▶ [THE TASK]: Repeat the records exactly, so that each line matches the original.
.....
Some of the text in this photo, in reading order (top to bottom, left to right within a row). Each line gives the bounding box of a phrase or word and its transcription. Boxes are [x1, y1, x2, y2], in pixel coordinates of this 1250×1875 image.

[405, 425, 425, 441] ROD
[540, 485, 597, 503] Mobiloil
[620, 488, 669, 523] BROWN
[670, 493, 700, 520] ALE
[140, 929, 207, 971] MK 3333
.....
▶ [RESPONSE AREA]:
Some of the text in this photo, in reading order (top to bottom, left to right within a row). Each line gives the bounding box of a phrase or word and its transcription. Boxes are [x1, y1, x2, y2], in pixel coordinates of this 1250×1875 image.

[405, 425, 425, 441] ROD
[540, 485, 597, 503] Mobiloil
[620, 488, 669, 523] BROWN
[670, 493, 700, 520] ALE
[140, 929, 207, 971] MK 3333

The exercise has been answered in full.